Apart from the pictures, which must be omitted, restate the data exactly.

====== MATERIAL FOR THE TASK

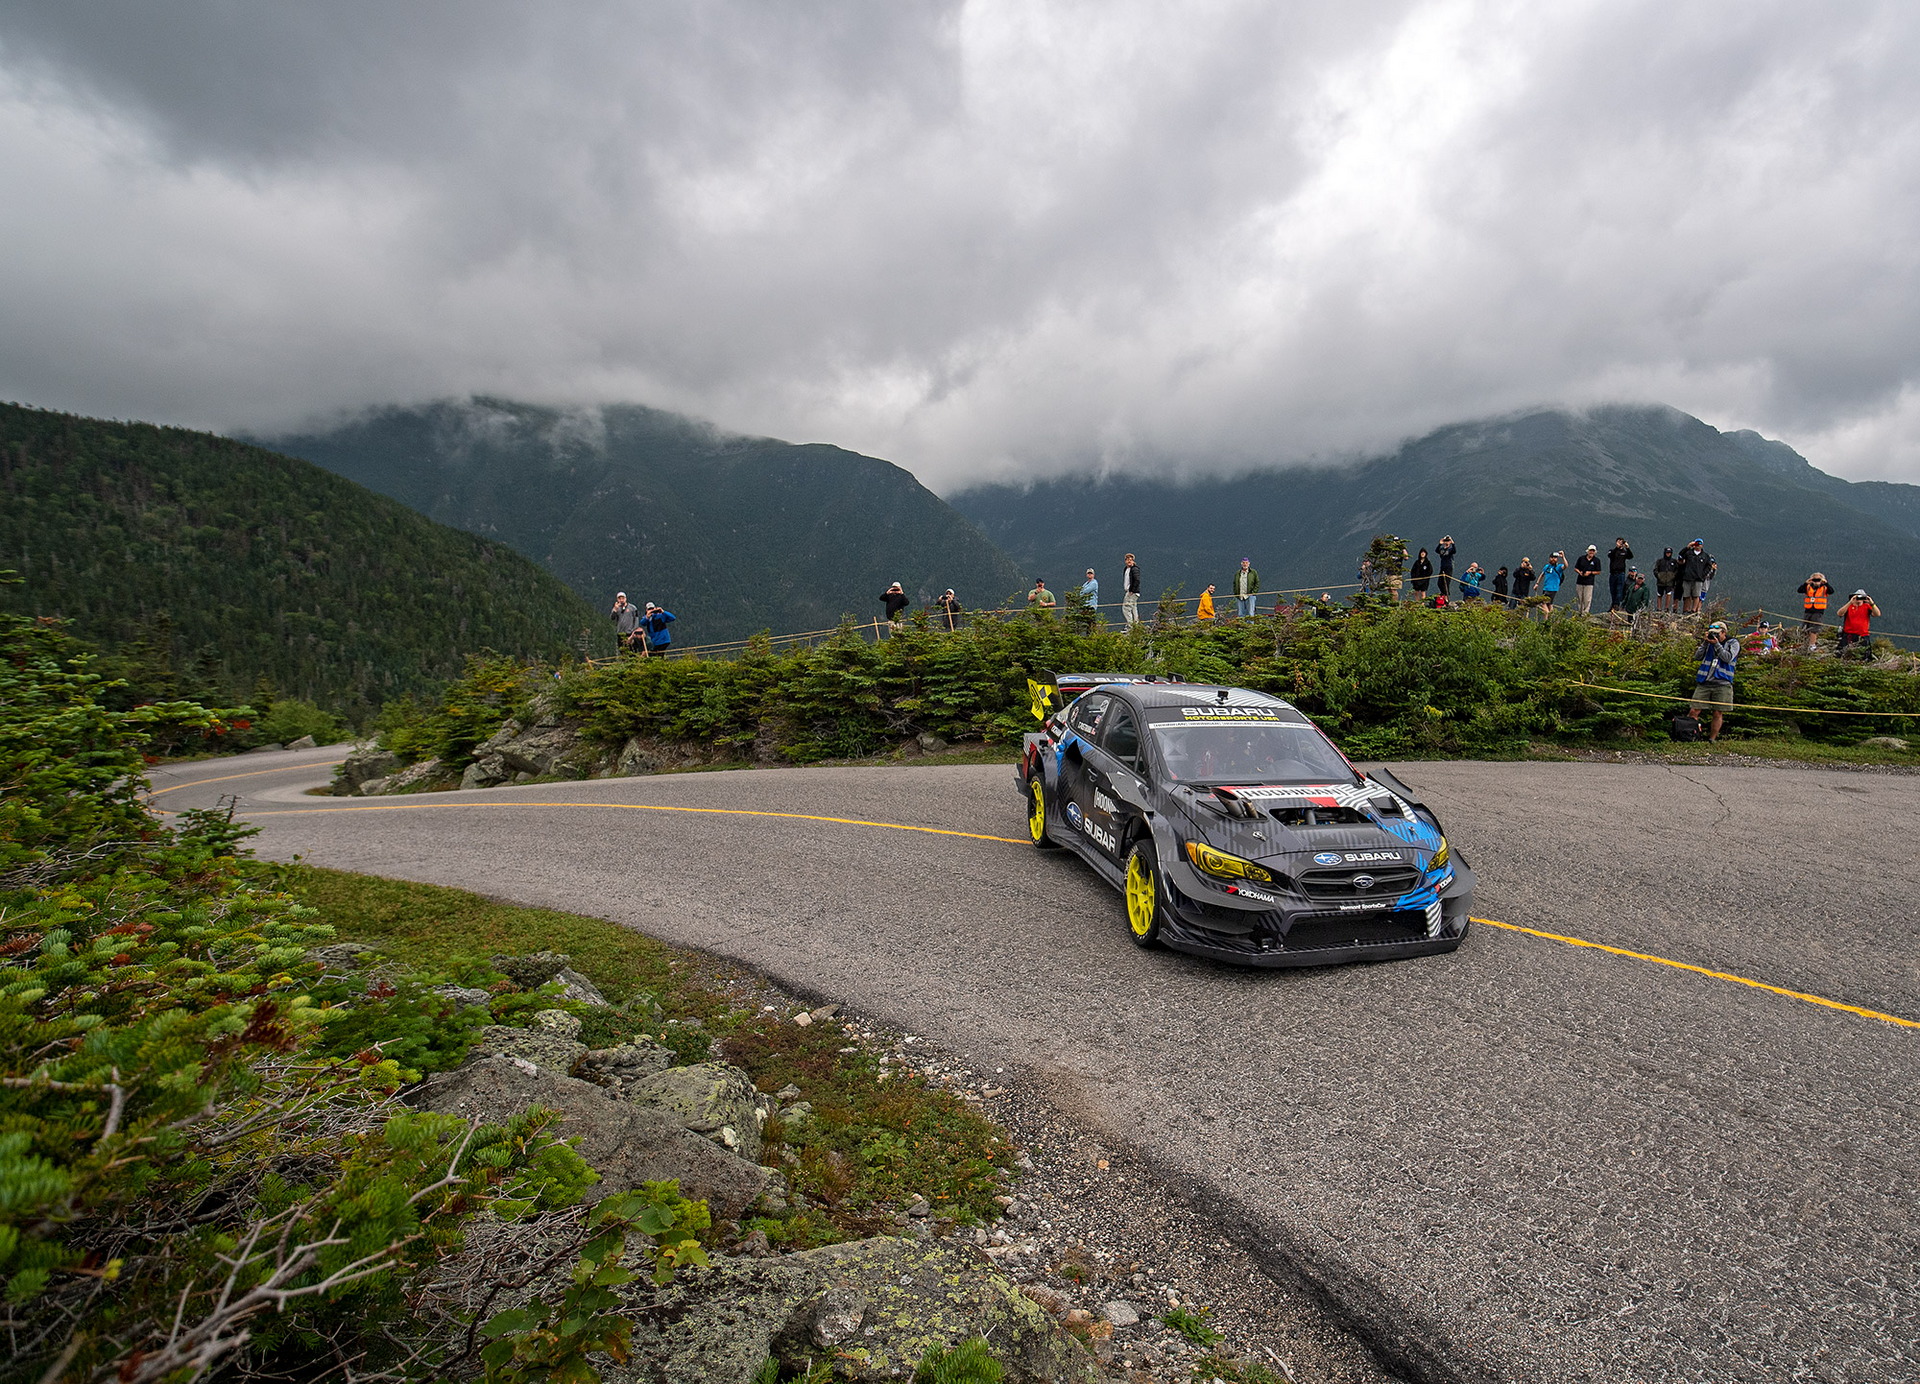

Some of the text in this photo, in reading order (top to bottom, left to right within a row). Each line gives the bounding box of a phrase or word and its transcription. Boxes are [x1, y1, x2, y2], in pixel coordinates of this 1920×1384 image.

[1181, 707, 1275, 716] SUBARU
[1083, 817, 1116, 853] SUBAR
[1344, 851, 1403, 862] SUBARU
[1238, 888, 1275, 903] YOKOHAMA
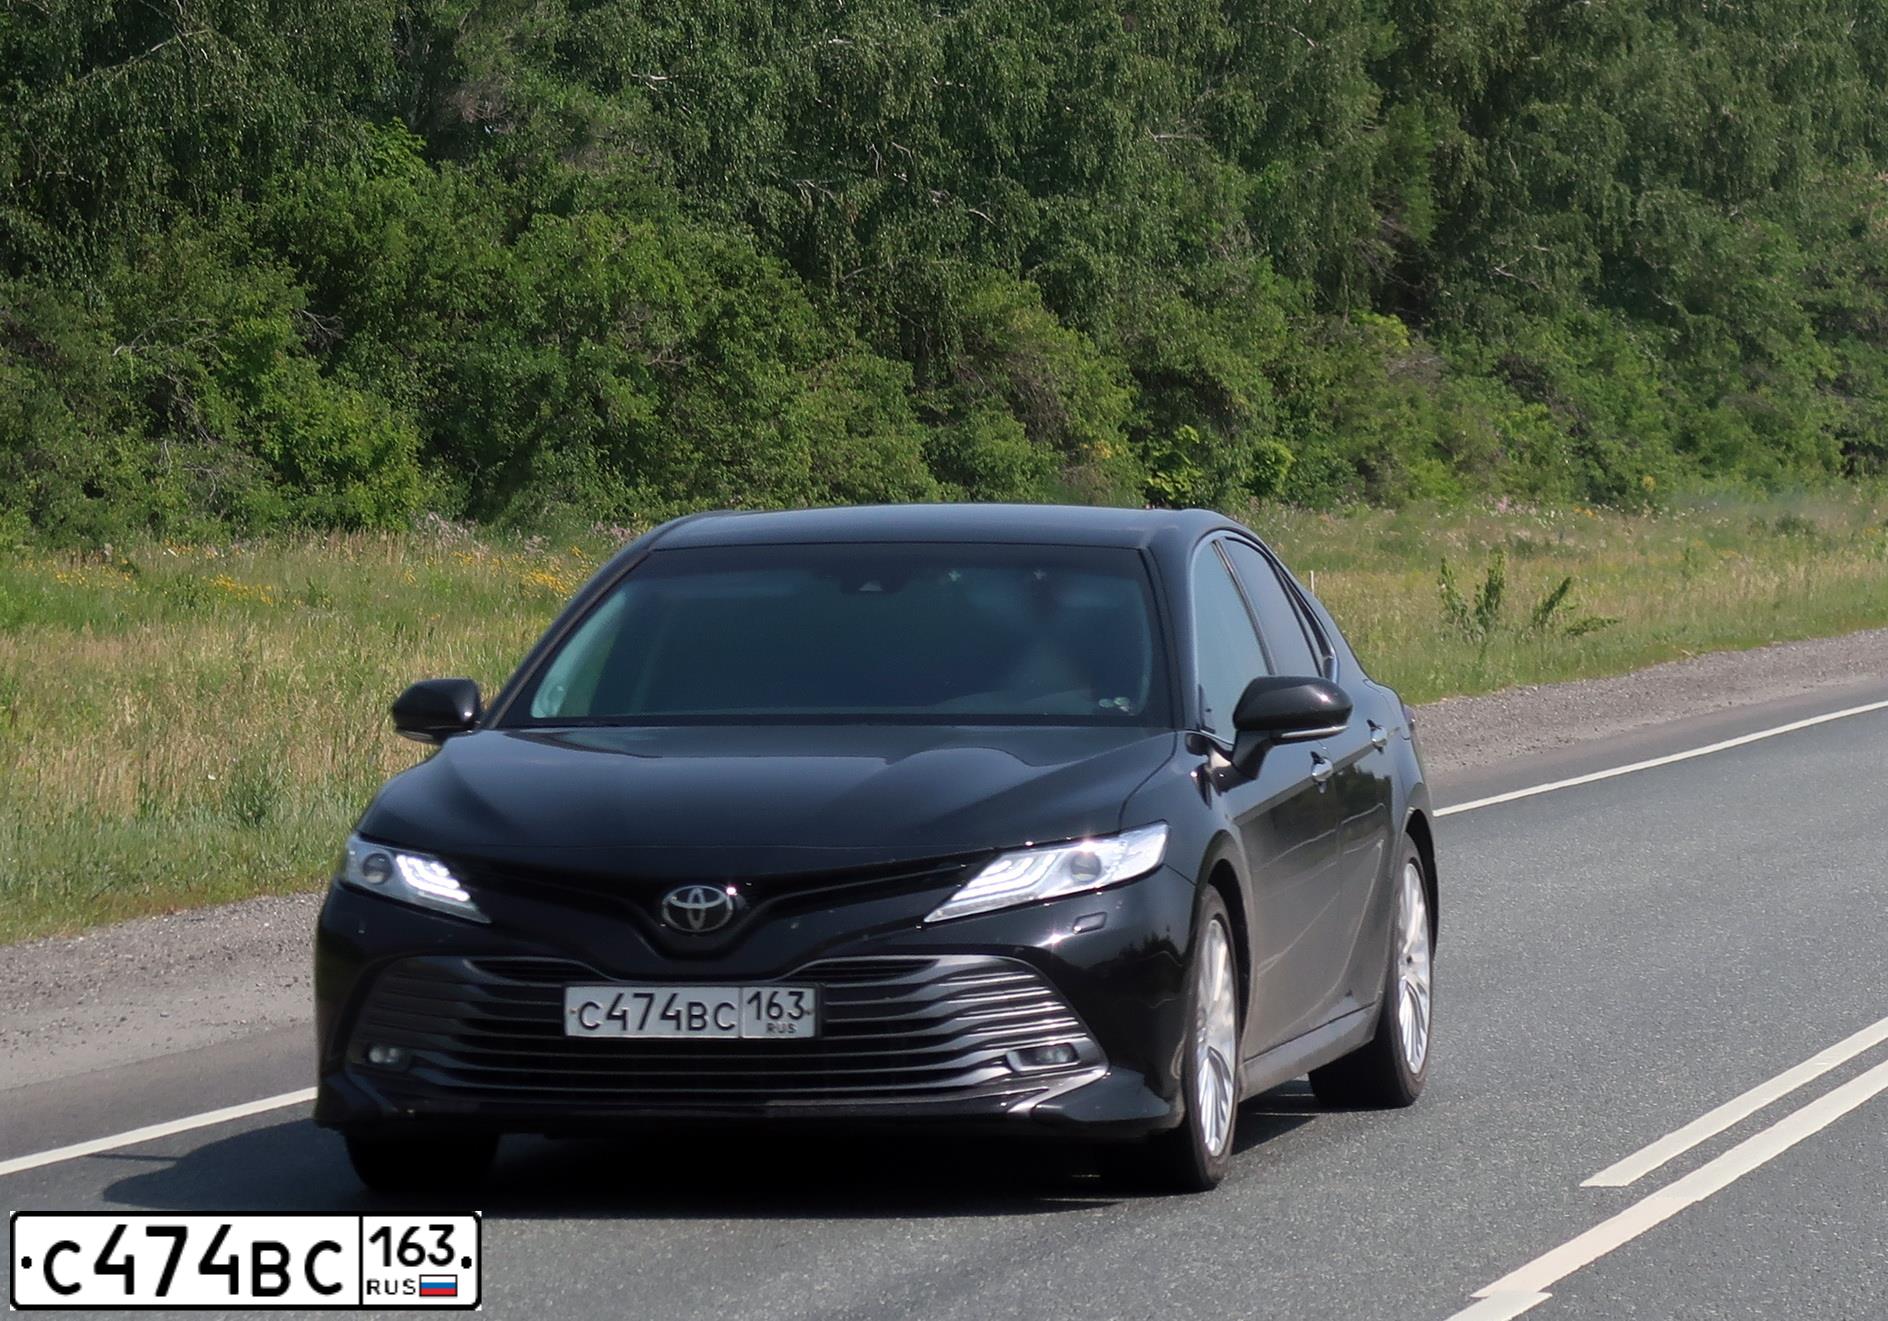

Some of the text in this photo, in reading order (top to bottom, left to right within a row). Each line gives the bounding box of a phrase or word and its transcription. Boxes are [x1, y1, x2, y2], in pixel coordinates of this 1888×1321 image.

[578, 990, 804, 1032] C474BC 163
[766, 1022, 798, 1035] RUS
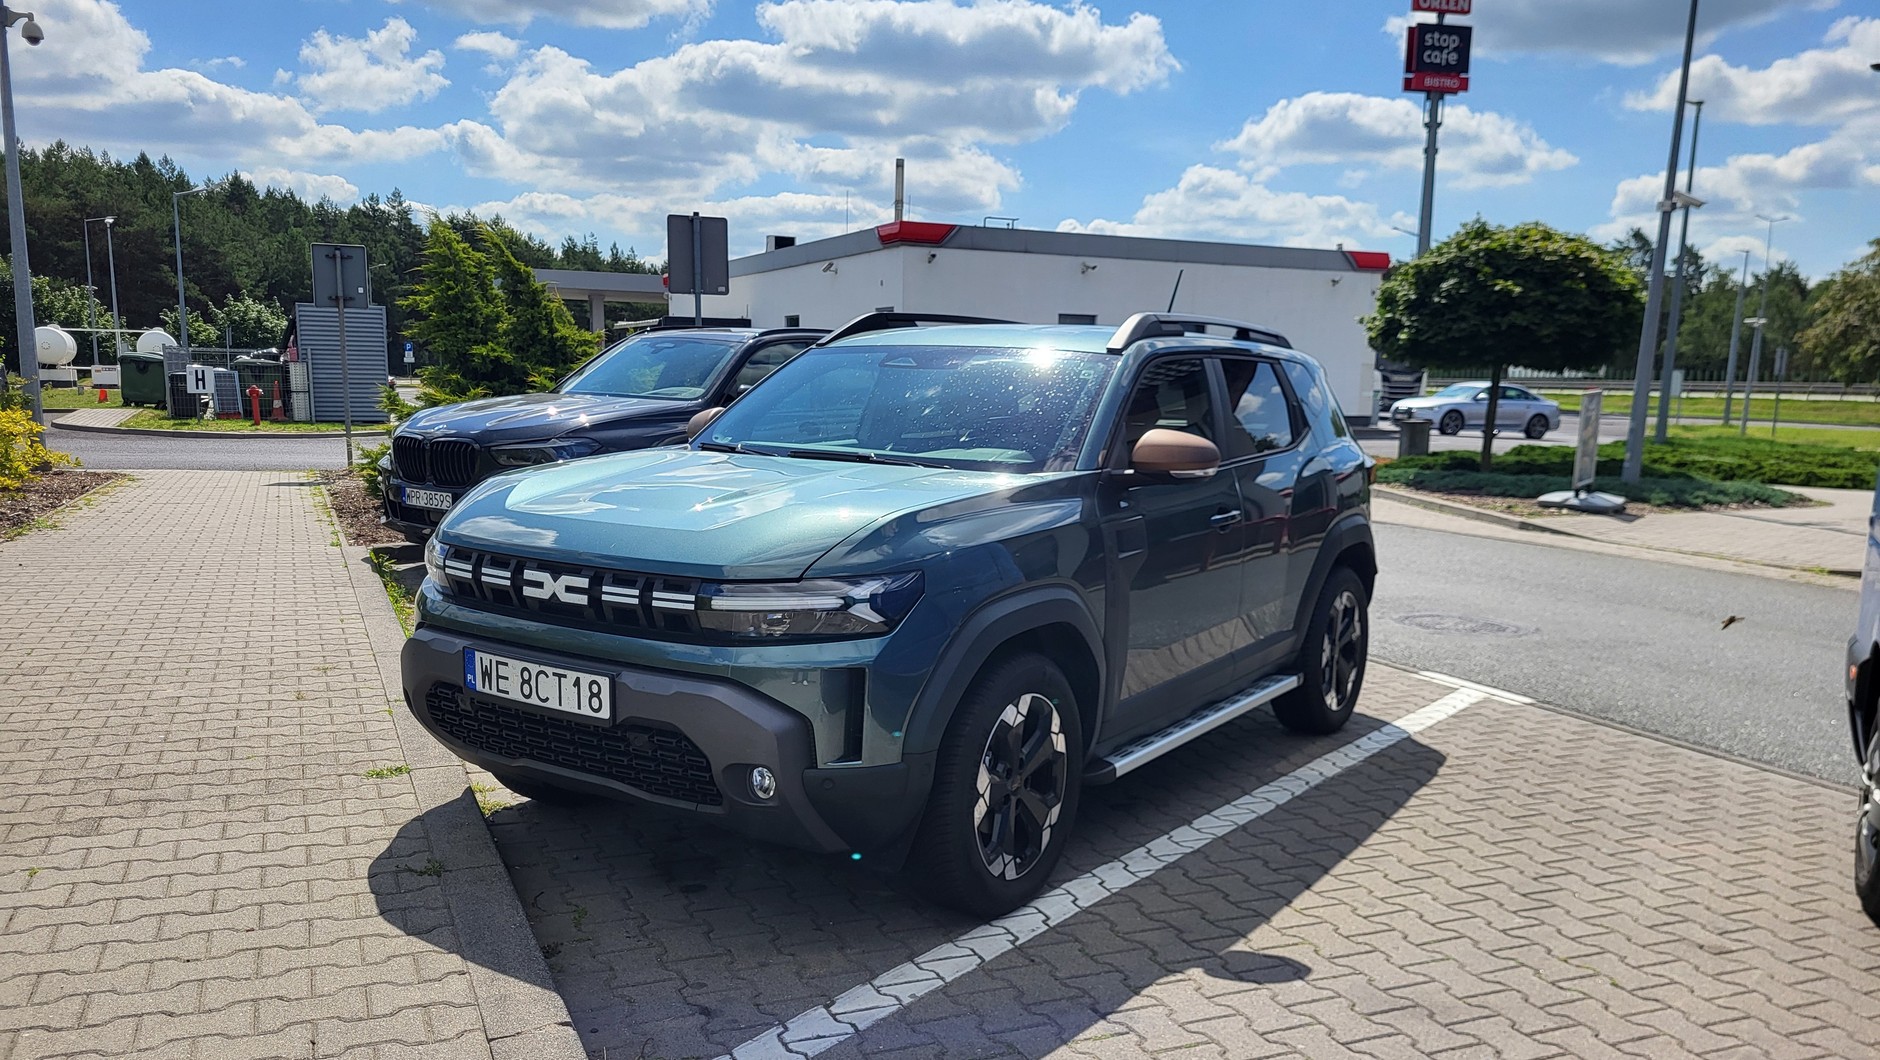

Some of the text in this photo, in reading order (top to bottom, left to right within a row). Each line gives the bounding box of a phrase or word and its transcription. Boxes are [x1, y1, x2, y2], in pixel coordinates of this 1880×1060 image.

[1424, 31, 1460, 51] stop
[1423, 48, 1459, 66] cafe
[1424, 76, 1460, 88] BISTRO
[195, 370, 206, 390] H
[424, 492, 451, 509] 3859S
[467, 674, 475, 684] PL
[480, 656, 602, 713] WE 8CT18

============

## [SOLUTION TO THIS TASK]
Some of the text in this photo, in reading order (top to bottom, left to right within a row). Each line gives the bounding box of a phrase or word and its transcription. Boxes are [x1, y1, x2, y2], in pixel coordinates of this 1920×1384 image.

[1181, 707, 1275, 716] SUBARU
[1083, 817, 1116, 853] SUBAR
[1344, 851, 1403, 862] SUBARU
[1238, 888, 1275, 903] YOKOHAMA

Some of the text in this photo, in reading order (top to bottom, left to right within a row). Each line gives the bounding box of a phrase or word and its transcription. Boxes are [x1, y1, x2, y2], in pixel coordinates of this 1888×1321 image.

[578, 990, 804, 1032] C474BC 163
[766, 1022, 798, 1035] RUS

Some of the text in this photo, in reading order (top to bottom, left to right within a row). Each line gives the bounding box of a phrase or word and its transcription. Boxes are [x1, y1, x2, y2], in pixel coordinates of this 1880×1060 image.

[1424, 31, 1460, 51] stop
[1423, 48, 1459, 66] cafe
[1424, 76, 1460, 88] BISTRO
[195, 370, 206, 390] H
[424, 492, 451, 509] 3859S
[467, 674, 475, 684] PL
[480, 656, 602, 713] WE 8CT18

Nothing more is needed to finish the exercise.